EXERCISE REQUIREMENTS >> Copy out every record below, word for word.

==========

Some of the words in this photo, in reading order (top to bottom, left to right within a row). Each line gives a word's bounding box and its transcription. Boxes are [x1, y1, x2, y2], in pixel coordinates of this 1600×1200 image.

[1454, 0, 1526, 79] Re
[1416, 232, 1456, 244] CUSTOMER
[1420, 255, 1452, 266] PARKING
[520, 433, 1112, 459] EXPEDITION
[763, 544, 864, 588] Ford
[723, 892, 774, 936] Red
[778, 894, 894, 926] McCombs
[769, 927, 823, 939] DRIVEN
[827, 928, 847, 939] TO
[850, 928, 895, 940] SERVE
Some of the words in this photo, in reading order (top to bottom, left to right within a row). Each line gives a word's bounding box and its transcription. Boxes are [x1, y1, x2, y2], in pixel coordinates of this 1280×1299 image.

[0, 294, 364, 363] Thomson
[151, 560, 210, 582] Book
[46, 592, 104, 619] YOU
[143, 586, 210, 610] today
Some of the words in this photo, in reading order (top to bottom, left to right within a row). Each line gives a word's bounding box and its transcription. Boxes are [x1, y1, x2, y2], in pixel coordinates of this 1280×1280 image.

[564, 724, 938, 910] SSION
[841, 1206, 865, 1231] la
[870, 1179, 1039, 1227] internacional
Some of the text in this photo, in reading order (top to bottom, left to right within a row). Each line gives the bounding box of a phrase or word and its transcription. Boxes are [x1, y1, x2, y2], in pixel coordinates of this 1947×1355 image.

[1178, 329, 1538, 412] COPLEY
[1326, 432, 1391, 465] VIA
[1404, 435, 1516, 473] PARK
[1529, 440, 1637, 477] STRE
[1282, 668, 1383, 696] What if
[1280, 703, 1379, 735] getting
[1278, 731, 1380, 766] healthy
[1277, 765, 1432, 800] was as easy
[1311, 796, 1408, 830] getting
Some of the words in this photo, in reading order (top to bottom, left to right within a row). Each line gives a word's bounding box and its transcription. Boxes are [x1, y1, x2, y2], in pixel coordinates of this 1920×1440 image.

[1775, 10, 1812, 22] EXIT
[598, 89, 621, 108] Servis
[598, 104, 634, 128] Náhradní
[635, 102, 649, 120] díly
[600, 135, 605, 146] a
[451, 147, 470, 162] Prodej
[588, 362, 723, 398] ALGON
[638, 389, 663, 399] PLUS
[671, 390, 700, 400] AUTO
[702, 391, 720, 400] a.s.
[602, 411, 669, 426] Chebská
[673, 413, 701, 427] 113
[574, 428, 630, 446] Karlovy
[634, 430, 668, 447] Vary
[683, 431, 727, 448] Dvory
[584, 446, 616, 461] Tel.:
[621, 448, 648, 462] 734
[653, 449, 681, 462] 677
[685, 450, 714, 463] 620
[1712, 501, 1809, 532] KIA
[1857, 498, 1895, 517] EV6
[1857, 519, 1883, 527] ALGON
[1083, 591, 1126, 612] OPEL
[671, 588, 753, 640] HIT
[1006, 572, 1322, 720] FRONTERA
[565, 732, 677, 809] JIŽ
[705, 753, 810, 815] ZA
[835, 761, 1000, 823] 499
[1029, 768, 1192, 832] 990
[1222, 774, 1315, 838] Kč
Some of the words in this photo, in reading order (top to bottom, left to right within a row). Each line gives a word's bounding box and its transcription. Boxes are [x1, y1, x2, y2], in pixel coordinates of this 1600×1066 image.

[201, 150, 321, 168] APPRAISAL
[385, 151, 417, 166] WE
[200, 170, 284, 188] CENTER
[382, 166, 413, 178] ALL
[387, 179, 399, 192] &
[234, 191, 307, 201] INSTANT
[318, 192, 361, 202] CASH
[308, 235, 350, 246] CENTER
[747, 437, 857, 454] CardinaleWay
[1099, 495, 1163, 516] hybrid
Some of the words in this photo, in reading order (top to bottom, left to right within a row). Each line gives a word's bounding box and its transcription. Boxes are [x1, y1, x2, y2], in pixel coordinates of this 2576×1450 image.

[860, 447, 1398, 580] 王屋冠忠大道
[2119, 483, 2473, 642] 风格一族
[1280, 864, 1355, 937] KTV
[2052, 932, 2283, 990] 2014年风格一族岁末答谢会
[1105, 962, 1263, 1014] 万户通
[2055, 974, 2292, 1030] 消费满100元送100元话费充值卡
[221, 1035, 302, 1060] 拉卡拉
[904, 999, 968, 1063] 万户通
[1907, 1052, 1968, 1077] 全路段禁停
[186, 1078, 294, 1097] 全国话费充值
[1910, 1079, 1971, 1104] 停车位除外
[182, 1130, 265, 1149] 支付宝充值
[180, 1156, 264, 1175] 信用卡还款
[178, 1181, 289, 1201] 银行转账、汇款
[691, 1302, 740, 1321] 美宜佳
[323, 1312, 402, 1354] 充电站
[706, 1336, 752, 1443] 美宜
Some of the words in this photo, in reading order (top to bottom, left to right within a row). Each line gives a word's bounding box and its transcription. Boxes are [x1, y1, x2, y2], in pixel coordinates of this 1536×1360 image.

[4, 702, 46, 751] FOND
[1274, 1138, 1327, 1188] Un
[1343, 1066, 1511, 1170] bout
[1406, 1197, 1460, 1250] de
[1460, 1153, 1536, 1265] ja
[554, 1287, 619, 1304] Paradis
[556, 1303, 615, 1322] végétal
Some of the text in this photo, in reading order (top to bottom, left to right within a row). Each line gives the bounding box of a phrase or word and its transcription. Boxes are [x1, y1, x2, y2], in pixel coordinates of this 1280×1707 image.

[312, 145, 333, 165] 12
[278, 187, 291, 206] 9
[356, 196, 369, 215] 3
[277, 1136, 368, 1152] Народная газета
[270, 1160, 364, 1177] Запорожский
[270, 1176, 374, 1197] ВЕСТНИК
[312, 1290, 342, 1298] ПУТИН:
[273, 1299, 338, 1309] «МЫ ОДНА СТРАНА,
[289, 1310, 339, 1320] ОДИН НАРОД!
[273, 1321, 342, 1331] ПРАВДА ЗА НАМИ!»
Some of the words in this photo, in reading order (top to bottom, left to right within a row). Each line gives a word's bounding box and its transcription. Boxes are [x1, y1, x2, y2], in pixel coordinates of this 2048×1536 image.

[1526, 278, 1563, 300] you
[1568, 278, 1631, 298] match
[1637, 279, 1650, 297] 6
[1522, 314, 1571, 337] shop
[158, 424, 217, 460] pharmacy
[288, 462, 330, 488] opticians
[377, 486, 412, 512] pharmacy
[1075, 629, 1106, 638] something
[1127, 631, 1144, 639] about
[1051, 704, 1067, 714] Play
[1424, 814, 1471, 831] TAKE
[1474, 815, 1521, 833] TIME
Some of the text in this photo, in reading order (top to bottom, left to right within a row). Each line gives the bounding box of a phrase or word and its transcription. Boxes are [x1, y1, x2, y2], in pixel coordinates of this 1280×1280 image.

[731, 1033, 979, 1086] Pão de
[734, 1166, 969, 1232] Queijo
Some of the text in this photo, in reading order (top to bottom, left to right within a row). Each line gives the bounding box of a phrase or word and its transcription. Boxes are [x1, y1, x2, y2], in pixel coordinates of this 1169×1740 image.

==========

OUTPUT OF THE TASK >>
Some of the words in this photo, in reading order (top to bottom, left to right within a row). Each line gives a word's bounding box and its transcription. Boxes are [x1, y1, x2, y2], in pixel coordinates of this 1600×1200 image.

[1454, 0, 1526, 79] Re
[1416, 232, 1456, 244] CUSTOMER
[1420, 255, 1452, 266] PARKING
[520, 433, 1112, 459] EXPEDITION
[763, 544, 864, 588] Ford
[723, 892, 774, 936] Red
[778, 894, 894, 926] McCombs
[769, 927, 823, 939] DRIVEN
[827, 928, 847, 939] TO
[850, 928, 895, 940] SERVE
Some of the words in this photo, in reading order (top to bottom, left to right within a row). Each line gives a word's bounding box and its transcription. Boxes are [x1, y1, x2, y2], in pixel coordinates of this 1280×1299 image.

[0, 294, 364, 363] Thomson
[151, 560, 210, 582] Book
[46, 592, 104, 619] YOU
[143, 586, 210, 610] today
Some of the words in this photo, in reading order (top to bottom, left to right within a row). Each line gives a word's bounding box and its transcription. Boxes are [x1, y1, x2, y2], in pixel coordinates of this 1280×1280 image.

[564, 724, 938, 910] SSION
[841, 1206, 865, 1231] la
[870, 1179, 1039, 1227] internacional
Some of the text in this photo, in reading order (top to bottom, left to right within a row). Each line gives the bounding box of a phrase or word and its transcription. Boxes are [x1, y1, x2, y2], in pixel coordinates of this 1947×1355 image.

[1178, 329, 1538, 412] COPLEY
[1326, 432, 1391, 465] VIA
[1404, 435, 1516, 473] PARK
[1529, 440, 1637, 477] STRE
[1282, 668, 1383, 696] What if
[1280, 703, 1379, 735] getting
[1278, 731, 1380, 766] healthy
[1277, 765, 1432, 800] was as easy
[1311, 796, 1408, 830] getting
Some of the words in this photo, in reading order (top to bottom, left to right within a row). Each line gives a word's bounding box and its transcription. Boxes are [x1, y1, x2, y2], in pixel coordinates of this 1920×1440 image.

[1775, 10, 1812, 22] EXIT
[598, 89, 621, 108] Servis
[598, 104, 634, 128] Náhradní
[635, 102, 649, 120] díly
[600, 135, 605, 146] a
[451, 147, 470, 162] Prodej
[588, 362, 723, 398] ALGON
[638, 389, 663, 399] PLUS
[671, 390, 700, 400] AUTO
[702, 391, 720, 400] a.s.
[602, 411, 669, 426] Chebská
[673, 413, 701, 427] 113
[574, 428, 630, 446] Karlovy
[634, 430, 668, 447] Vary
[683, 431, 727, 448] Dvory
[584, 446, 616, 461] Tel.:
[621, 448, 648, 462] 734
[653, 449, 681, 462] 677
[685, 450, 714, 463] 620
[1712, 501, 1809, 532] KIA
[1857, 498, 1895, 517] EV6
[1857, 519, 1883, 527] ALGON
[1083, 591, 1126, 612] OPEL
[671, 588, 753, 640] HIT
[1006, 572, 1322, 720] FRONTERA
[565, 732, 677, 809] JIŽ
[705, 753, 810, 815] ZA
[835, 761, 1000, 823] 499
[1029, 768, 1192, 832] 990
[1222, 774, 1315, 838] Kč
Some of the words in this photo, in reading order (top to bottom, left to right within a row). Each line gives a word's bounding box and its transcription. Boxes are [x1, y1, x2, y2], in pixel coordinates of this 1600×1066 image.

[201, 150, 321, 168] APPRAISAL
[385, 151, 417, 166] WE
[200, 170, 284, 188] CENTER
[382, 166, 413, 178] ALL
[387, 179, 399, 192] &
[234, 191, 307, 201] INSTANT
[318, 192, 361, 202] CASH
[308, 235, 350, 246] CENTER
[747, 437, 857, 454] CardinaleWay
[1099, 495, 1163, 516] hybrid
Some of the words in this photo, in reading order (top to bottom, left to right within a row). Each line gives a word's bounding box and its transcription. Boxes are [x1, y1, x2, y2], in pixel coordinates of this 2576×1450 image.

[860, 447, 1398, 580] 王屋冠忠大道
[2119, 483, 2473, 642] 风格一族
[1280, 864, 1355, 937] KTV
[2052, 932, 2283, 990] 2014年风格一族岁末答谢会
[1105, 962, 1263, 1014] 万户通
[2055, 974, 2292, 1030] 消费满100元送100元话费充值卡
[221, 1035, 302, 1060] 拉卡拉
[904, 999, 968, 1063] 万户通
[1907, 1052, 1968, 1077] 全路段禁停
[186, 1078, 294, 1097] 全国话费充值
[1910, 1079, 1971, 1104] 停车位除外
[182, 1130, 265, 1149] 支付宝充值
[180, 1156, 264, 1175] 信用卡还款
[178, 1181, 289, 1201] 银行转账、汇款
[691, 1302, 740, 1321] 美宜佳
[323, 1312, 402, 1354] 充电站
[706, 1336, 752, 1443] 美宜
Some of the words in this photo, in reading order (top to bottom, left to right within a row). Each line gives a word's bounding box and its transcription. Boxes are [x1, y1, x2, y2], in pixel coordinates of this 1536×1360 image.

[4, 702, 46, 751] FOND
[1274, 1138, 1327, 1188] Un
[1343, 1066, 1511, 1170] bout
[1406, 1197, 1460, 1250] de
[1460, 1153, 1536, 1265] ja
[554, 1287, 619, 1304] Paradis
[556, 1303, 615, 1322] végétal
Some of the text in this photo, in reading order (top to bottom, left to right within a row). Each line gives the bounding box of a phrase or word and its transcription. Boxes are [x1, y1, x2, y2], in pixel coordinates of this 1280×1707 image.

[312, 145, 333, 165] 12
[278, 187, 291, 206] 9
[356, 196, 369, 215] 3
[277, 1136, 368, 1152] Народная газета
[270, 1160, 364, 1177] Запорожский
[270, 1176, 374, 1197] ВЕСТНИК
[312, 1290, 342, 1298] ПУТИН:
[273, 1299, 338, 1309] «МЫ ОДНА СТРАНА,
[289, 1310, 339, 1320] ОДИН НАРОД!
[273, 1321, 342, 1331] ПРАВДА ЗА НАМИ!»
Some of the words in this photo, in reading order (top to bottom, left to right within a row). Each line gives a word's bounding box and its transcription. Boxes are [x1, y1, x2, y2], in pixel coordinates of this 2048×1536 image.

[1526, 278, 1563, 300] you
[1568, 278, 1631, 298] match
[1637, 279, 1650, 297] 6
[1522, 314, 1571, 337] shop
[158, 424, 217, 460] pharmacy
[288, 462, 330, 488] opticians
[377, 486, 412, 512] pharmacy
[1075, 629, 1106, 638] something
[1127, 631, 1144, 639] about
[1051, 704, 1067, 714] Play
[1424, 814, 1471, 831] TAKE
[1474, 815, 1521, 833] TIME
Some of the text in this photo, in reading order (top to bottom, left to right within a row). Each line gives the bounding box of a phrase or word and its transcription. Boxes are [x1, y1, x2, y2], in pixel coordinates of this 1280×1280 image.

[731, 1033, 979, 1086] Pão de
[734, 1166, 969, 1232] Queijo
Some of the text in this photo, in reading order (top to bottom, left to right within a row). Each line gives the bounding box of a phrase or word and its transcription. Boxes are [x1, y1, x2, y2], in pixel coordinates of this 1169×1740 image.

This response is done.